Work item:
Repeat the entries below exactly. Drop the pictures.

Spatial localization data:
_ _ _ _
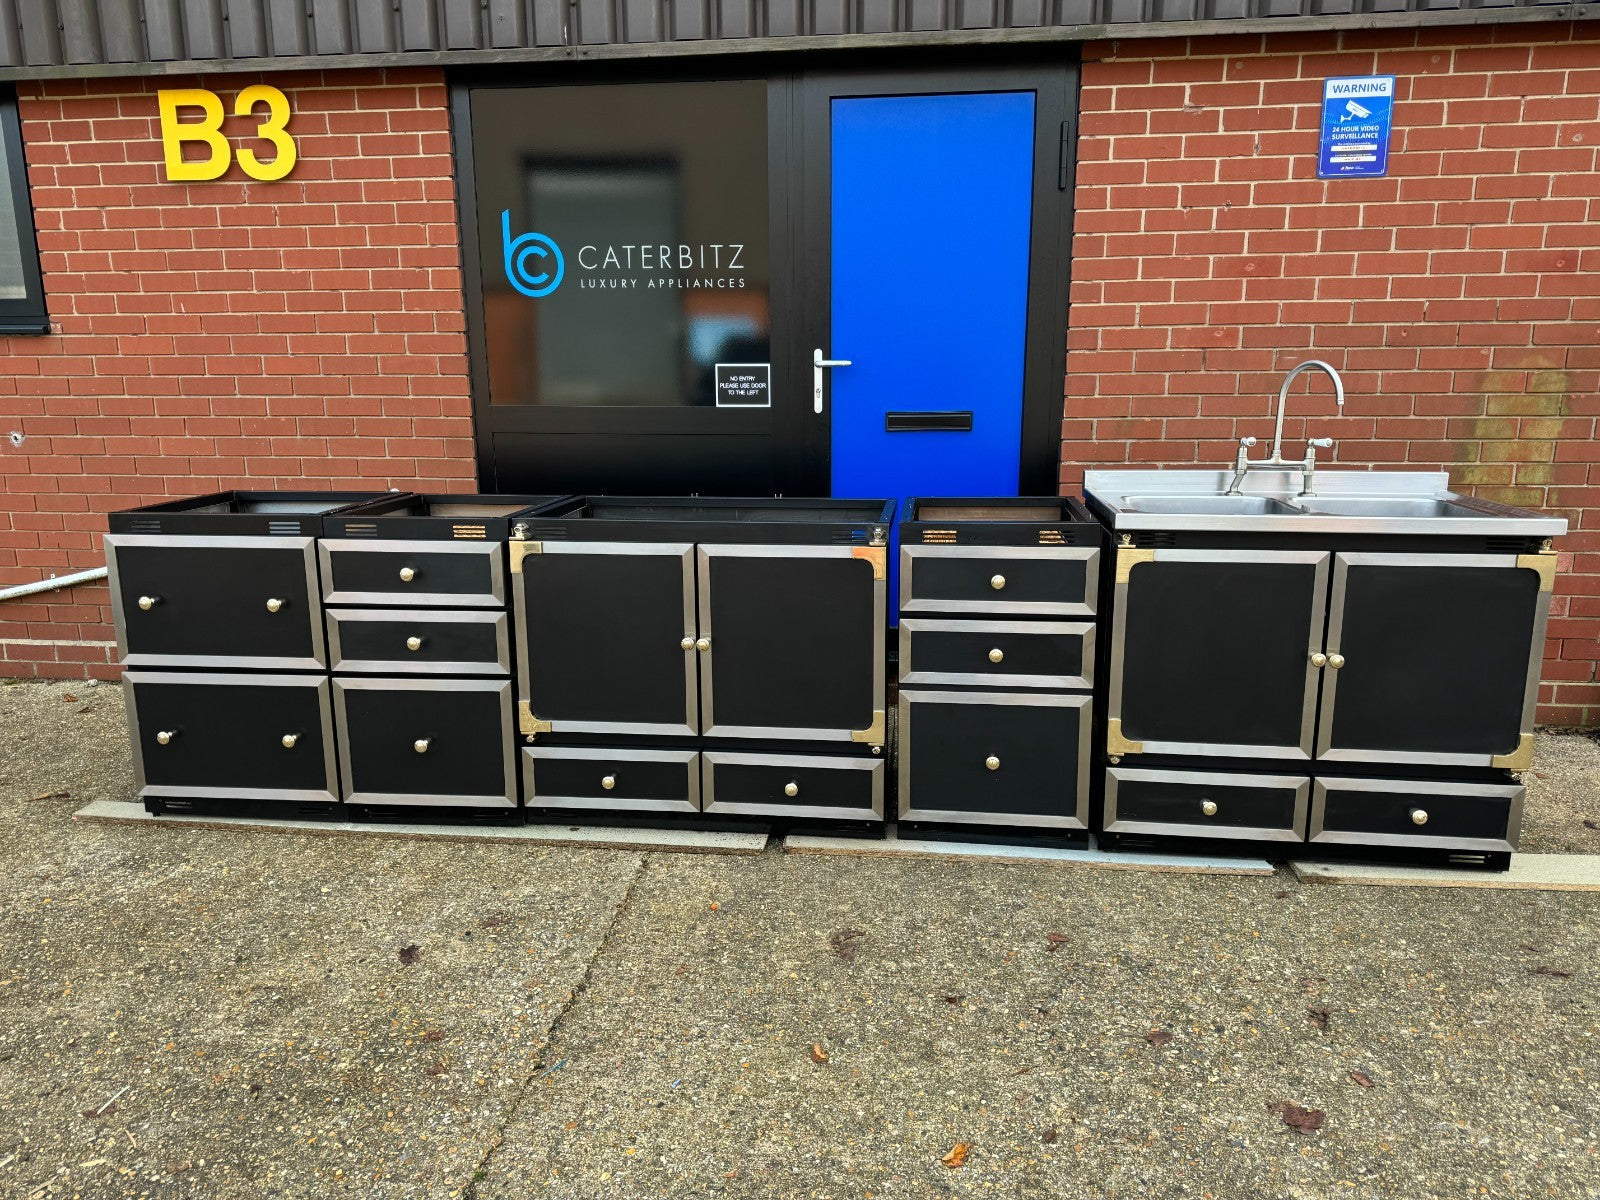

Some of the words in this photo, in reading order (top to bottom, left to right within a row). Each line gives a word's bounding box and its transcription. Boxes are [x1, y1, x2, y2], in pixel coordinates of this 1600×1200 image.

[1332, 82, 1387, 94] WARNING
[157, 84, 297, 181] B3
[1331, 132, 1379, 140] SURVEILLANCE
[578, 244, 745, 270] CATERBITZ
[580, 278, 638, 289] LUXURY
[647, 278, 746, 289] APPLIANCES
_ _ _ _
Task solution:
Some of the words in this photo, in reading order (top to bottom, left to right within a row). Each line gives a word's bounding box and its transcription. Boxes are [x1, y1, x2, y2], in pixel coordinates of this 1600×1200 image.

[1332, 82, 1387, 94] WARNING
[157, 84, 297, 181] B3
[1331, 132, 1379, 140] SURVEILLANCE
[578, 244, 745, 270] CATERBITZ
[580, 278, 638, 289] LUXURY
[647, 278, 746, 289] APPLIANCES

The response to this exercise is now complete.